Write out all the data verbatim. Skip images.

▶ **Input data**:
_ _ _ _ _
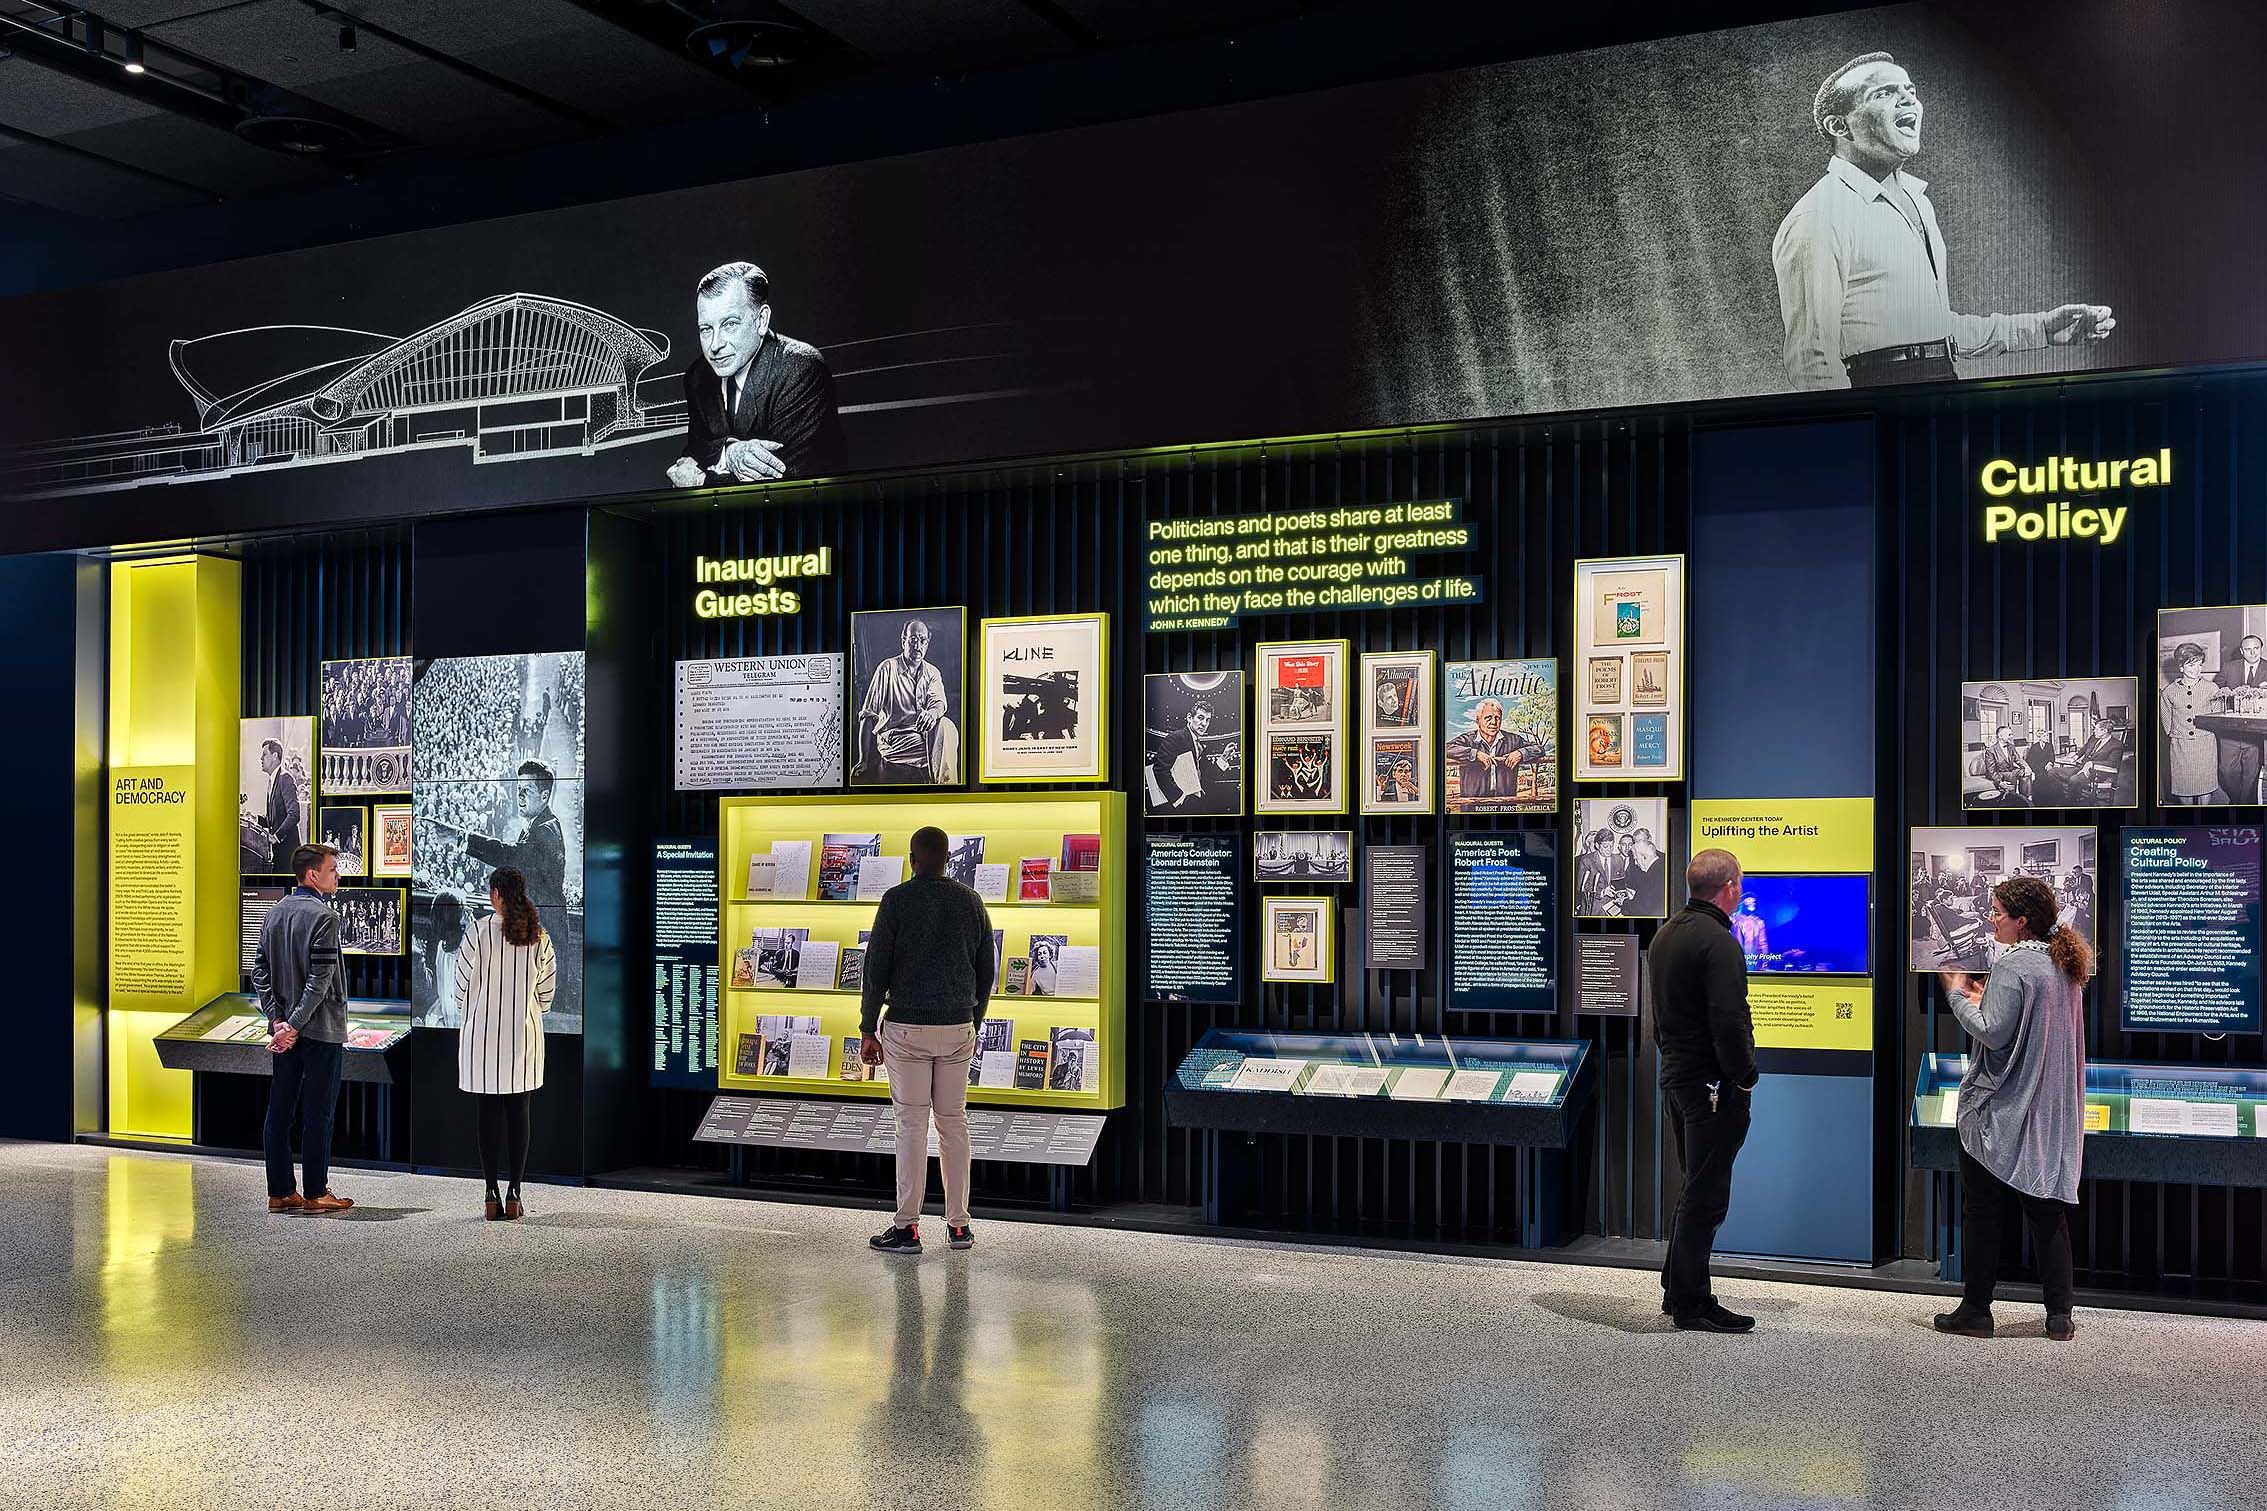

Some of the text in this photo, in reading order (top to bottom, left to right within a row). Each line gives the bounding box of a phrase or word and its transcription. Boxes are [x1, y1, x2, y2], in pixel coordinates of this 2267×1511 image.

[1982, 448, 2170, 496] Cultural
[1150, 502, 1452, 541] Politicians and poets share at least
[1986, 502, 2127, 544] Policy
[1150, 529, 1468, 565] one thing, and that is their greatness
[696, 547, 831, 586] Inaugural
[1150, 556, 1406, 592] depends on the courage with
[696, 587, 799, 618] Guests
[1150, 578, 1477, 614] which they face the challenges of life.
[1602, 591, 1643, 606] FROST
[1150, 617, 1229, 630] JOHN F. KENNEDY
[1003, 646, 1054, 662] KLINE
[714, 661, 765, 673] WESTERN
[769, 659, 806, 670] UNION
[1451, 666, 1546, 698] THE Atlantic
[1376, 742, 1412, 751] Newsweek
[116, 778, 164, 790] ART AND
[116, 791, 186, 804] DEMOCRACY
[1702, 825, 1819, 838] Uplifting the Artist
[663, 851, 686, 860] Special
[1190, 850, 1233, 858] Conductor:
[1455, 849, 1521, 857] America's Poet:
[2131, 847, 2177, 857] Creating
[1151, 858, 1220, 866] Leonard Bernstein
[1455, 858, 1508, 866] Robert Frost
[2131, 858, 2208, 868] Cultural Policy
[842, 1062, 862, 1072] EDEN
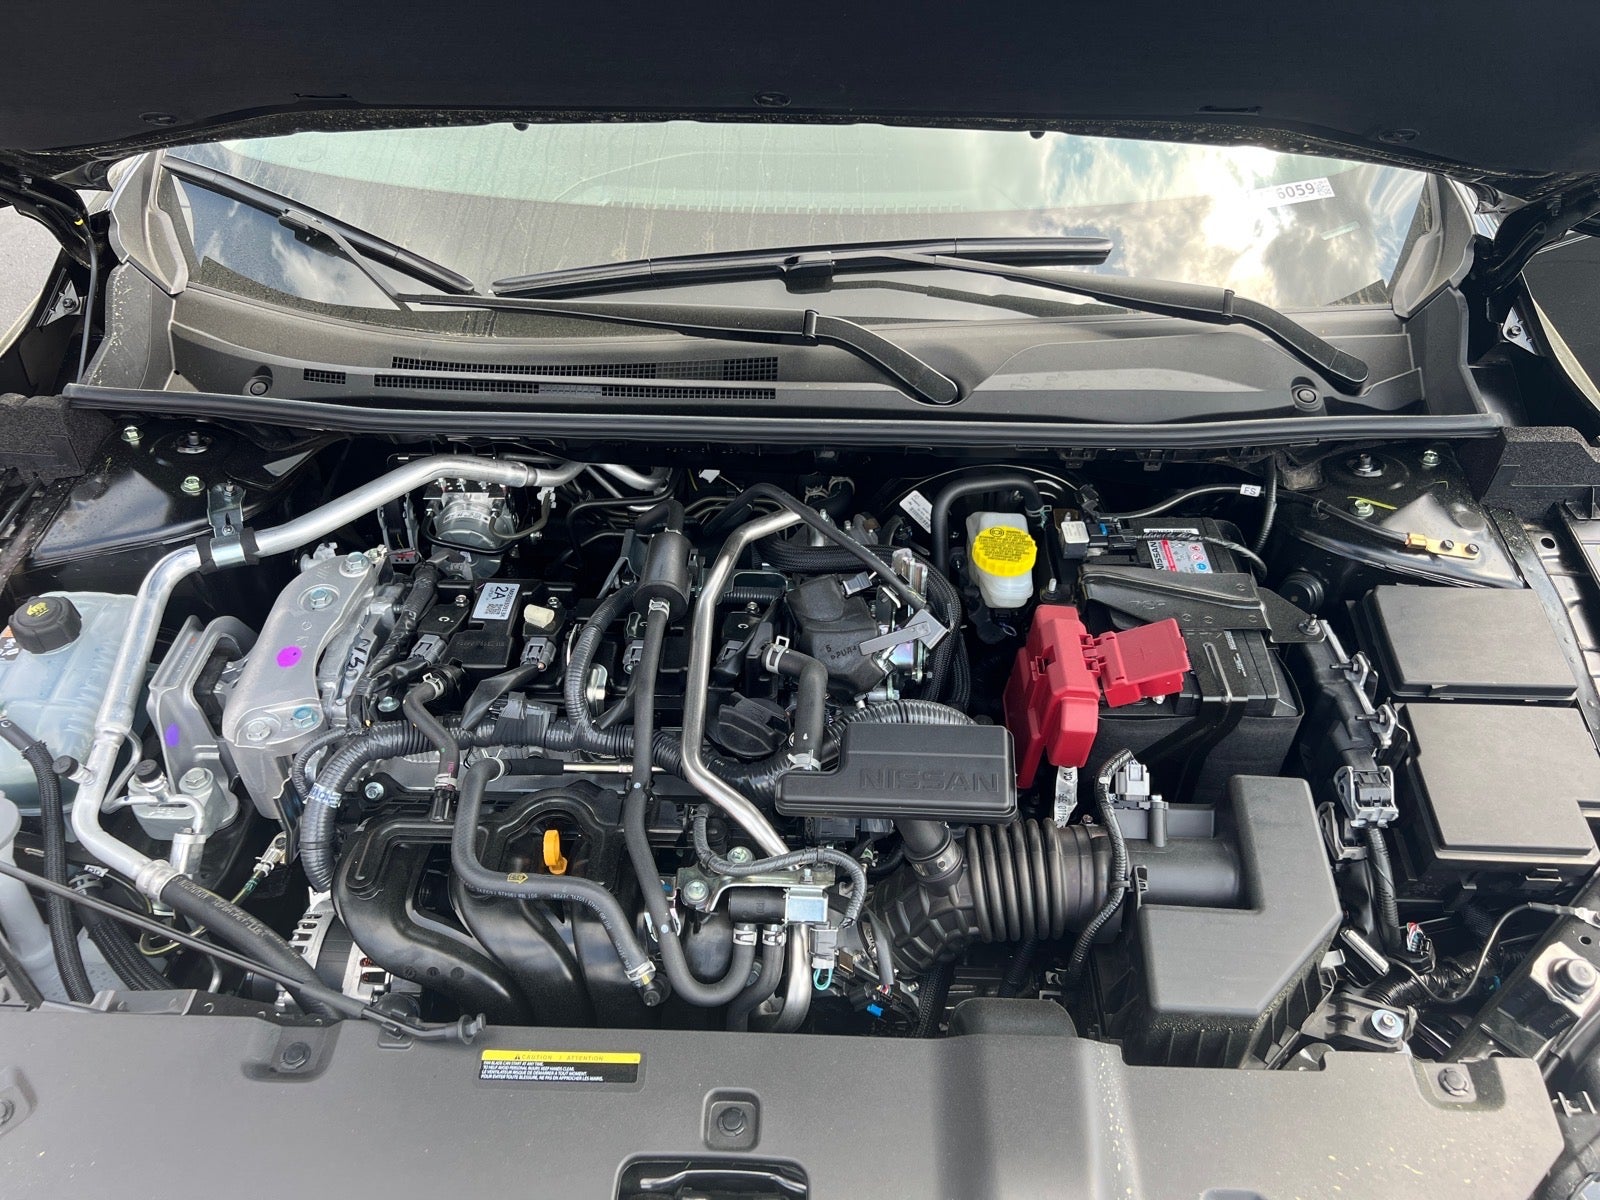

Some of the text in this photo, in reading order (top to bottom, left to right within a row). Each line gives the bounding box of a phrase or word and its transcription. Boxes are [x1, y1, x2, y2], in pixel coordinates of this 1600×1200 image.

[1244, 486, 1257, 496] FS
[491, 586, 509, 600] 2A
[860, 768, 999, 793] NISSAN
_ _ _ _ _
▶ **Answer below**:
Some of the text in this photo, in reading order (top to bottom, left to right within a row). Each line gives the bounding box of a phrase or word and its transcription. Boxes are [x1, y1, x2, y2], in pixel coordinates of this 2267×1511 image.

[1982, 448, 2170, 496] Cultural
[1150, 502, 1452, 541] Politicians and poets share at least
[1986, 502, 2127, 544] Policy
[1150, 529, 1468, 565] one thing, and that is their greatness
[696, 547, 831, 586] Inaugural
[1150, 556, 1406, 592] depends on the courage with
[696, 587, 799, 618] Guests
[1150, 578, 1477, 614] which they face the challenges of life.
[1602, 591, 1643, 606] FROST
[1150, 617, 1229, 630] JOHN F. KENNEDY
[1003, 646, 1054, 662] KLINE
[714, 661, 765, 673] WESTERN
[769, 659, 806, 670] UNION
[1451, 666, 1546, 698] THE Atlantic
[1376, 742, 1412, 751] Newsweek
[116, 778, 164, 790] ART AND
[116, 791, 186, 804] DEMOCRACY
[1702, 825, 1819, 838] Uplifting the Artist
[663, 851, 686, 860] Special
[1190, 850, 1233, 858] Conductor:
[1455, 849, 1521, 857] America's Poet:
[2131, 847, 2177, 857] Creating
[1151, 858, 1220, 866] Leonard Bernstein
[1455, 858, 1508, 866] Robert Frost
[2131, 858, 2208, 868] Cultural Policy
[842, 1062, 862, 1072] EDEN

Some of the text in this photo, in reading order (top to bottom, left to right within a row). Each line gives the bounding box of a phrase or word and its transcription. Boxes are [x1, y1, x2, y2], in pixel coordinates of this 1600×1200 image.

[1244, 486, 1257, 496] FS
[491, 586, 509, 600] 2A
[860, 768, 999, 793] NISSAN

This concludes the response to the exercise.